→ **TASK REQUIREMENTS**
The answer is all of the data repeated exactly, with each picture omitted.
# # #
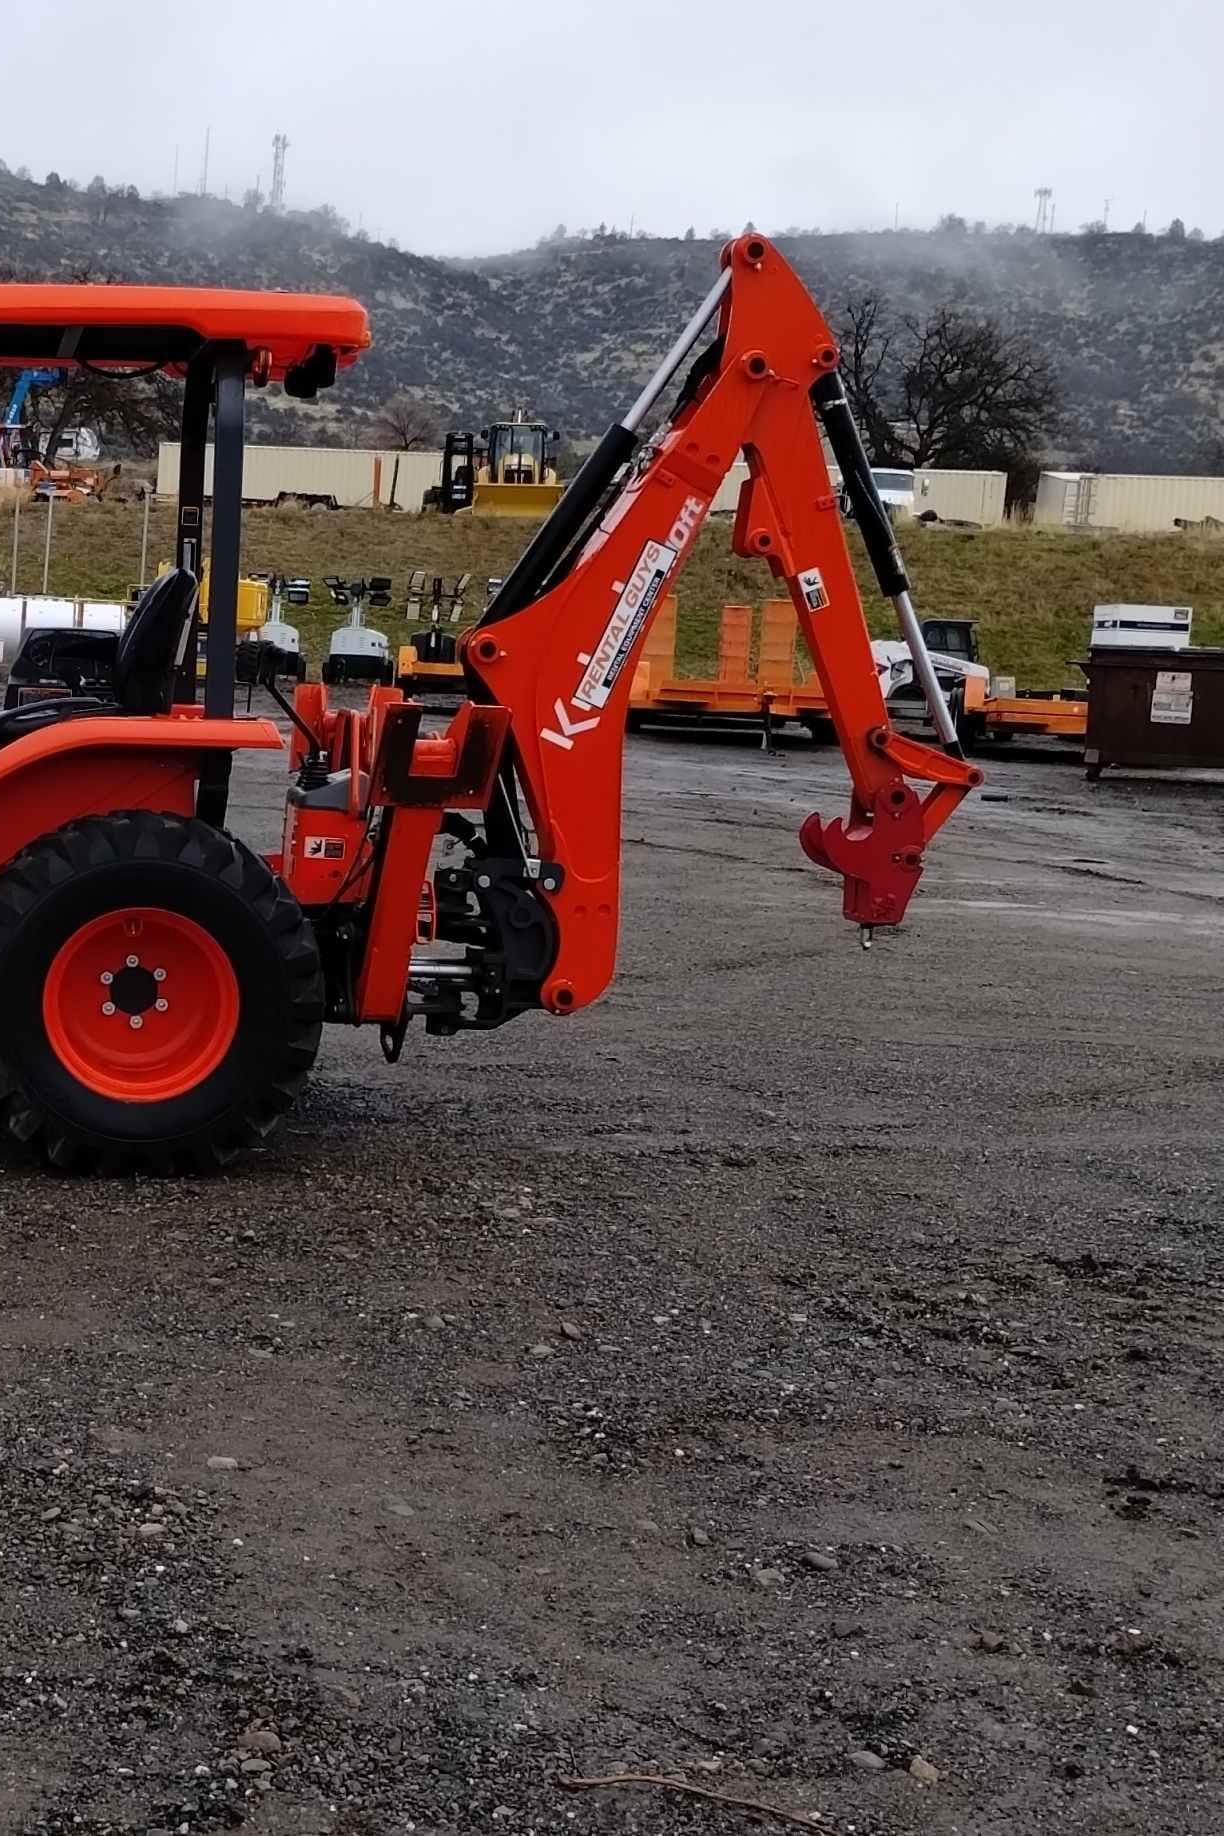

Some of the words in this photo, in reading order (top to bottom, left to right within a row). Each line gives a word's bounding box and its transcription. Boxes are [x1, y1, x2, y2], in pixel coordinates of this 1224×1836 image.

[580, 613, 630, 700] RENTAL
[626, 543, 661, 608] GUYS
[642, 576, 661, 611] CENTER
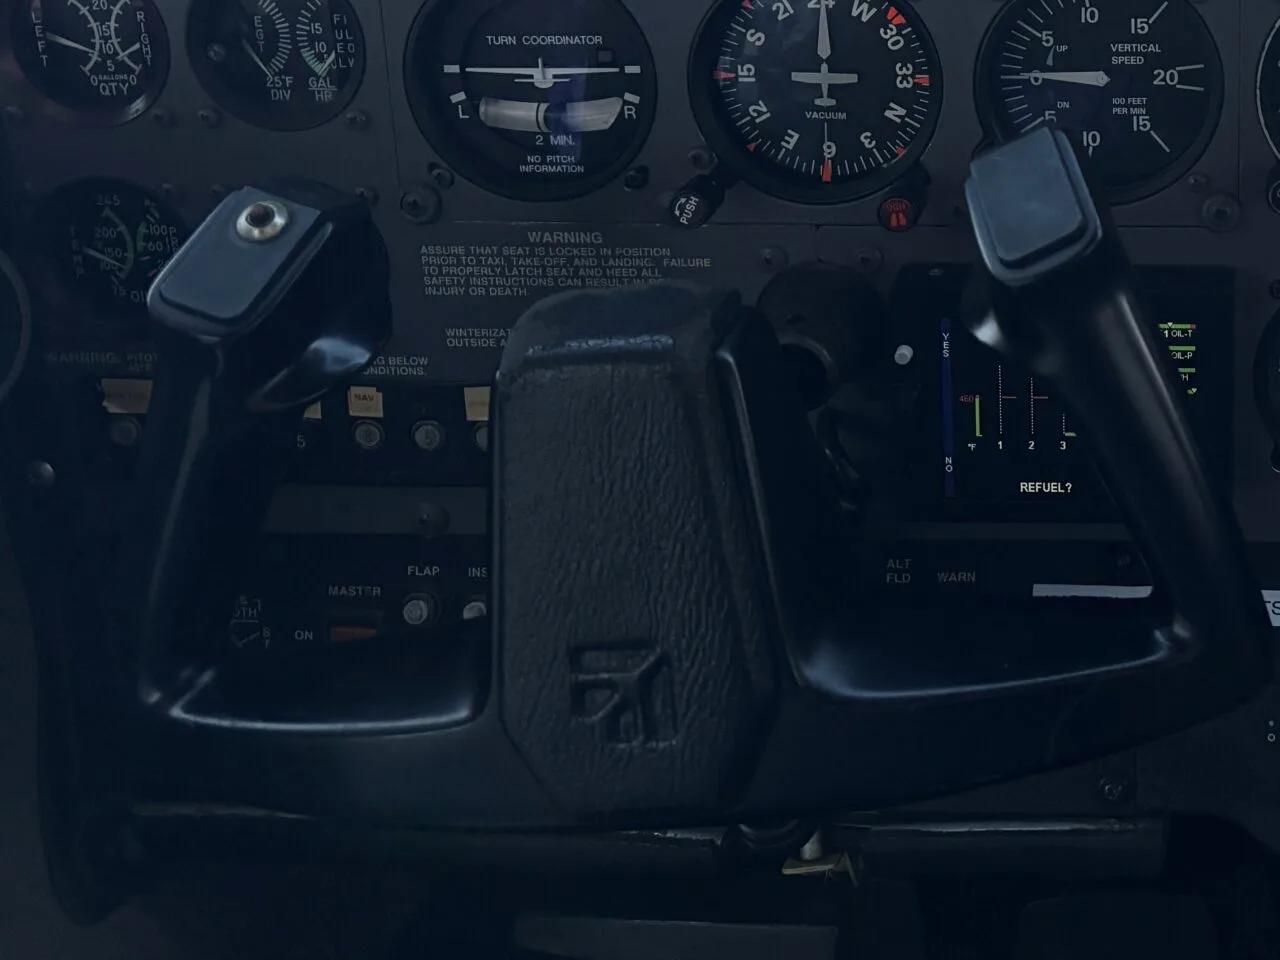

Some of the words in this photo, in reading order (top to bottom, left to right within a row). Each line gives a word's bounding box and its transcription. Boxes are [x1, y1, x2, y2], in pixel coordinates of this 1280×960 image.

[1081, 8, 1100, 24] 10
[1130, 19, 1150, 35] 15
[486, 36, 517, 45] TURN
[522, 36, 603, 45] COORDINATOR
[1110, 43, 1162, 53] VERTICAL
[1112, 56, 1145, 65] SPEED
[1154, 70, 1179, 86] 20
[100, 83, 129, 96] QTY
[805, 111, 847, 120] VACUUM
[527, 155, 541, 164] NO
[547, 155, 575, 164] PITCH
[519, 165, 585, 174] INFORMATION
[528, 232, 603, 244] WARNING
[421, 246, 466, 256] ASSURE
[470, 246, 498, 256] THAT
[503, 247, 531, 256] SEAT
[536, 247, 546, 256] IS
[550, 247, 596, 256] LOCKED
[601, 247, 611, 256] IN
[616, 247, 670, 257] POSITION
[1020, 480, 1072, 495] REFUEL?
[887, 559, 911, 569] ALT
[407, 566, 440, 577] FLAP
[887, 573, 911, 583] FLD
[937, 572, 977, 583] WARN
[328, 586, 381, 597] MASTER
[295, 630, 313, 640] ON
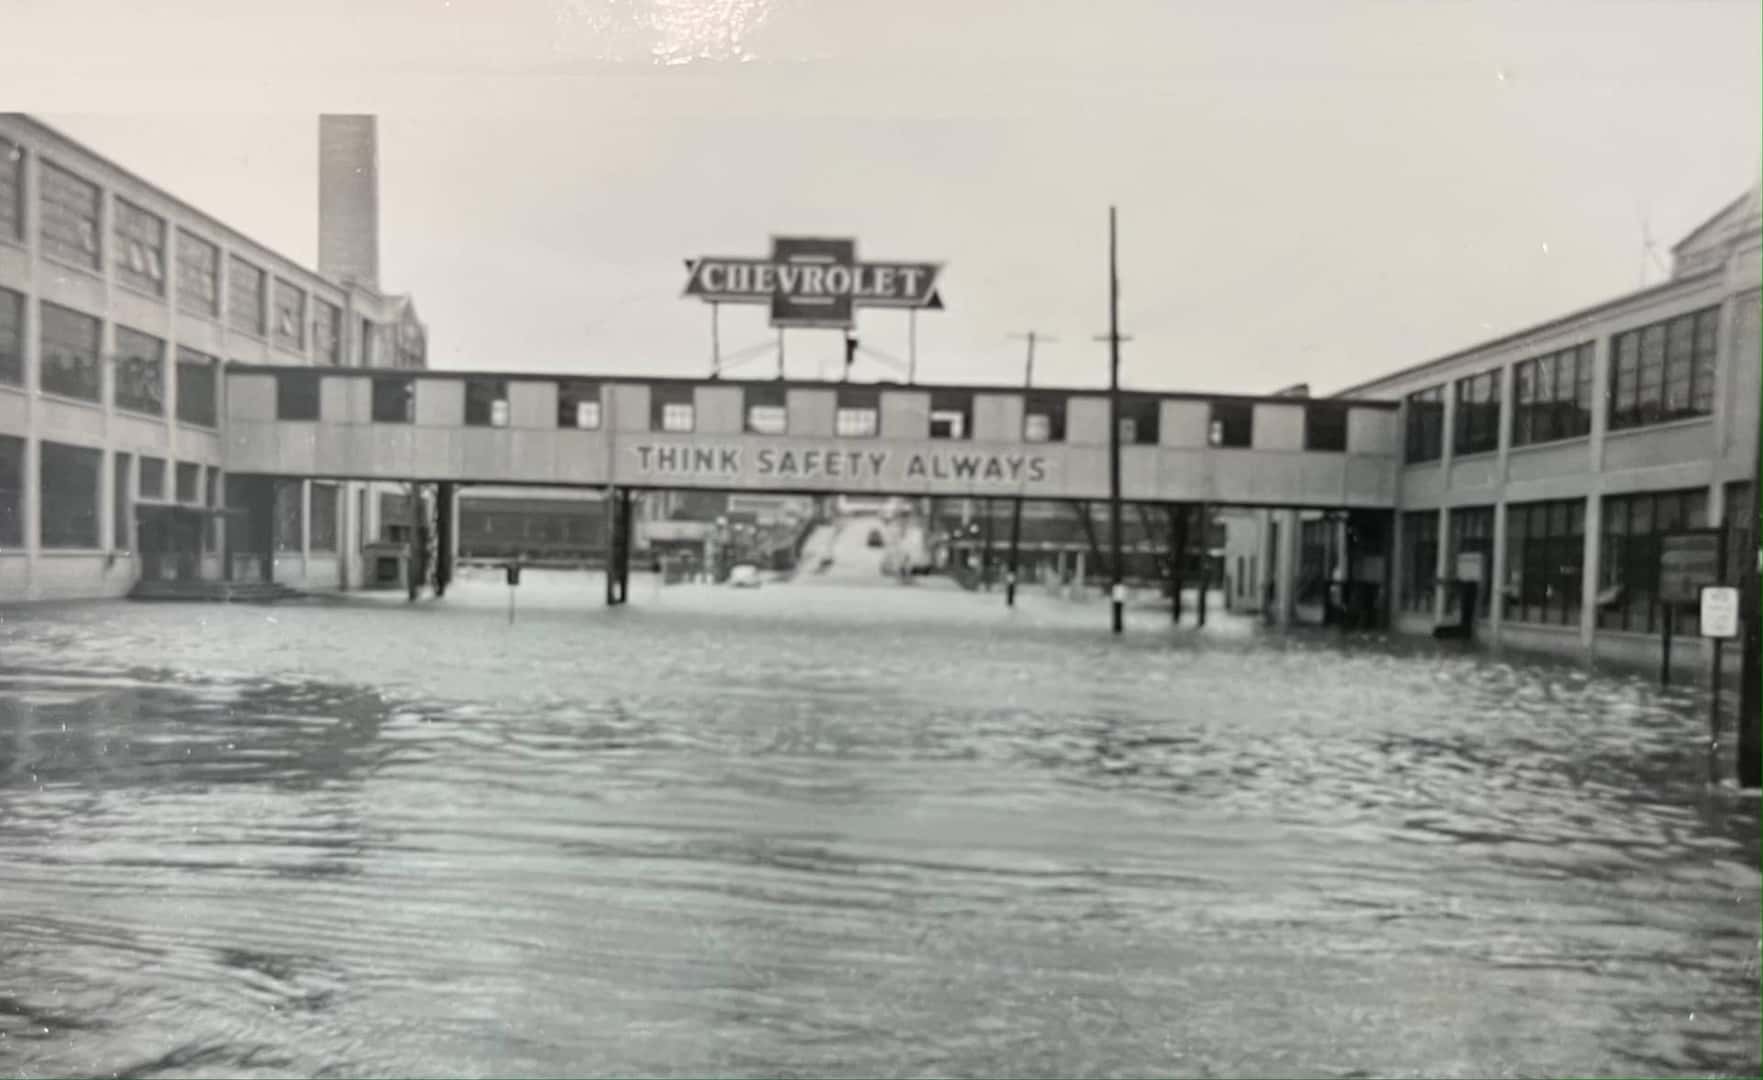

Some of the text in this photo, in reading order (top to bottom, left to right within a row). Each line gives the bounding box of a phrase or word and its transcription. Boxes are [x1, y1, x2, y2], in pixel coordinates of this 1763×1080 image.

[700, 262, 924, 297] CHEVROLET
[637, 446, 1048, 482] THINK SAFETY ALWAYS
# # #
→ **PROBLEM SOLUTION**
Some of the words in this photo, in reading order (top to bottom, left to right within a row). Each line gives a word's bounding box and its transcription. Boxes are [x1, y1, x2, y2], in pixel coordinates of this 1224×1836 image.

[580, 613, 630, 700] RENTAL
[626, 543, 661, 608] GUYS
[642, 576, 661, 611] CENTER

Some of the words in this photo, in reading order (top to bottom, left to right within a row). Each line gives a word's bounding box and its transcription. Boxes are [x1, y1, x2, y2], in pixel coordinates of this 1280×960 image.

[1081, 8, 1100, 24] 10
[1130, 19, 1150, 35] 15
[486, 36, 517, 45] TURN
[522, 36, 603, 45] COORDINATOR
[1110, 43, 1162, 53] VERTICAL
[1112, 56, 1145, 65] SPEED
[1154, 70, 1179, 86] 20
[100, 83, 129, 96] QTY
[805, 111, 847, 120] VACUUM
[527, 155, 541, 164] NO
[547, 155, 575, 164] PITCH
[519, 165, 585, 174] INFORMATION
[528, 232, 603, 244] WARNING
[421, 246, 466, 256] ASSURE
[470, 246, 498, 256] THAT
[503, 247, 531, 256] SEAT
[536, 247, 546, 256] IS
[550, 247, 596, 256] LOCKED
[601, 247, 611, 256] IN
[616, 247, 670, 257] POSITION
[1020, 480, 1072, 495] REFUEL?
[887, 559, 911, 569] ALT
[407, 566, 440, 577] FLAP
[887, 573, 911, 583] FLD
[937, 572, 977, 583] WARN
[328, 586, 381, 597] MASTER
[295, 630, 313, 640] ON

Some of the text in this photo, in reading order (top to bottom, left to right within a row). Each line gives the bounding box of a phrase or word and its transcription. Boxes are [x1, y1, x2, y2], in pixel coordinates of this 1763×1080 image.

[700, 262, 924, 297] CHEVROLET
[637, 446, 1048, 482] THINK SAFETY ALWAYS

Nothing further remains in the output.